▶ _What this task involves_:
Below is a set of records. Repeat all of them exactly.

(Stored data entries)

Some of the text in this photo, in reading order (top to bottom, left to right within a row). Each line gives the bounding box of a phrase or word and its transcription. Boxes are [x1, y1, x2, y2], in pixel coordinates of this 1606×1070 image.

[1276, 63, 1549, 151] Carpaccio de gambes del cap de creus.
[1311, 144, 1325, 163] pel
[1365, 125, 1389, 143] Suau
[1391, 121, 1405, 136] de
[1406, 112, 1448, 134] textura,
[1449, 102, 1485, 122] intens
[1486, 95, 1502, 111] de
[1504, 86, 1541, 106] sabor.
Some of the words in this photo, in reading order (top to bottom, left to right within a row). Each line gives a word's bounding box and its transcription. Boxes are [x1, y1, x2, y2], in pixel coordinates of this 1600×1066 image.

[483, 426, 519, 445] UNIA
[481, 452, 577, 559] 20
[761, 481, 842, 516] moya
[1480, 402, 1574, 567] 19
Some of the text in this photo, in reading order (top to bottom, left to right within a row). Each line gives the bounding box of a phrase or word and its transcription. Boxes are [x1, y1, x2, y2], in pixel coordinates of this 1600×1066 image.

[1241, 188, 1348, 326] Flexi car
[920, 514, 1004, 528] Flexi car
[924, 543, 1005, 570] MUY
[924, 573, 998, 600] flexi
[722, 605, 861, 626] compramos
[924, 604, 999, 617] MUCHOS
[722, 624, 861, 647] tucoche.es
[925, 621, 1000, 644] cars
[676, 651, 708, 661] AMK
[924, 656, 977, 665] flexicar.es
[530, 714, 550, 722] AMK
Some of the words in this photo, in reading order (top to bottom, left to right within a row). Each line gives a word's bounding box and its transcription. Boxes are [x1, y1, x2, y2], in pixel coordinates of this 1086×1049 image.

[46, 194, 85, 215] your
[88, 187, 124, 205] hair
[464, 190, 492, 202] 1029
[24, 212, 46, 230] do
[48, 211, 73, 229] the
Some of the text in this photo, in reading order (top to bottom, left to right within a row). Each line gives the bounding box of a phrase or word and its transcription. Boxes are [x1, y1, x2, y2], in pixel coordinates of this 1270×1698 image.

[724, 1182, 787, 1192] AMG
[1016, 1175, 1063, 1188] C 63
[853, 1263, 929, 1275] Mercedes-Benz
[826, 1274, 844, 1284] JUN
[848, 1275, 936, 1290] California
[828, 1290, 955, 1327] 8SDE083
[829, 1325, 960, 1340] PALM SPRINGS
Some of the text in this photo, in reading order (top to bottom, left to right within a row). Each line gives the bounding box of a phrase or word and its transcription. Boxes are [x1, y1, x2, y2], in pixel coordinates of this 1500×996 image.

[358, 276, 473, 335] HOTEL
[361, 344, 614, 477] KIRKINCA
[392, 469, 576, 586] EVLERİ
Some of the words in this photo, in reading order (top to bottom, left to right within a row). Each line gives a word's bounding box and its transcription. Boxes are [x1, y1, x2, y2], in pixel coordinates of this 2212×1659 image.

▶ _Exercise solution_:
Some of the text in this photo, in reading order (top to bottom, left to right within a row). Each line gives the bounding box of a phrase or word and its transcription. Boxes are [x1, y1, x2, y2], in pixel coordinates of this 1606×1070 image.

[1276, 63, 1549, 151] Carpaccio de gambes del cap de creus.
[1311, 144, 1325, 163] pel
[1365, 125, 1389, 143] Suau
[1391, 121, 1405, 136] de
[1406, 112, 1448, 134] textura,
[1449, 102, 1485, 122] intens
[1486, 95, 1502, 111] de
[1504, 86, 1541, 106] sabor.
Some of the words in this photo, in reading order (top to bottom, left to right within a row). Each line gives a word's bounding box and its transcription. Boxes are [x1, y1, x2, y2], in pixel coordinates of this 1600×1066 image.

[483, 426, 519, 445] UNIA
[481, 452, 577, 559] 20
[761, 481, 842, 516] moya
[1480, 402, 1574, 567] 19
Some of the text in this photo, in reading order (top to bottom, left to right within a row). Each line gives the bounding box of a phrase or word and its transcription. Boxes are [x1, y1, x2, y2], in pixel coordinates of this 1600×1066 image.

[1241, 188, 1348, 326] Flexi car
[920, 514, 1004, 528] Flexi car
[924, 543, 1005, 570] MUY
[924, 573, 998, 600] flexi
[722, 605, 861, 626] compramos
[924, 604, 999, 617] MUCHOS
[722, 624, 861, 647] tucoche.es
[925, 621, 1000, 644] cars
[676, 651, 708, 661] AMK
[924, 656, 977, 665] flexicar.es
[530, 714, 550, 722] AMK
Some of the words in this photo, in reading order (top to bottom, left to right within a row). Each line gives a word's bounding box and its transcription. Boxes are [x1, y1, x2, y2], in pixel coordinates of this 1086×1049 image.

[46, 194, 85, 215] your
[88, 187, 124, 205] hair
[464, 190, 492, 202] 1029
[24, 212, 46, 230] do
[48, 211, 73, 229] the
Some of the text in this photo, in reading order (top to bottom, left to right within a row). Each line gives the bounding box of a phrase or word and its transcription. Boxes are [x1, y1, x2, y2], in pixel coordinates of this 1270×1698 image.

[724, 1182, 787, 1192] AMG
[1016, 1175, 1063, 1188] C 63
[853, 1263, 929, 1275] Mercedes-Benz
[826, 1274, 844, 1284] JUN
[848, 1275, 936, 1290] California
[828, 1290, 955, 1327] 8SDE083
[829, 1325, 960, 1340] PALM SPRINGS
Some of the text in this photo, in reading order (top to bottom, left to right within a row). Each line gives the bounding box of a phrase or word and its transcription. Boxes are [x1, y1, x2, y2], in pixel coordinates of this 1500×996 image.

[358, 276, 473, 335] HOTEL
[361, 344, 614, 477] KIRKINCA
[392, 469, 576, 586] EVLERİ
Some of the words in this photo, in reading order (top to bottom, left to right within a row). Each line gives a word's bounding box and its transcription. Boxes are [x1, y1, x2, y2], in pixel coordinates of this 2212×1659 image.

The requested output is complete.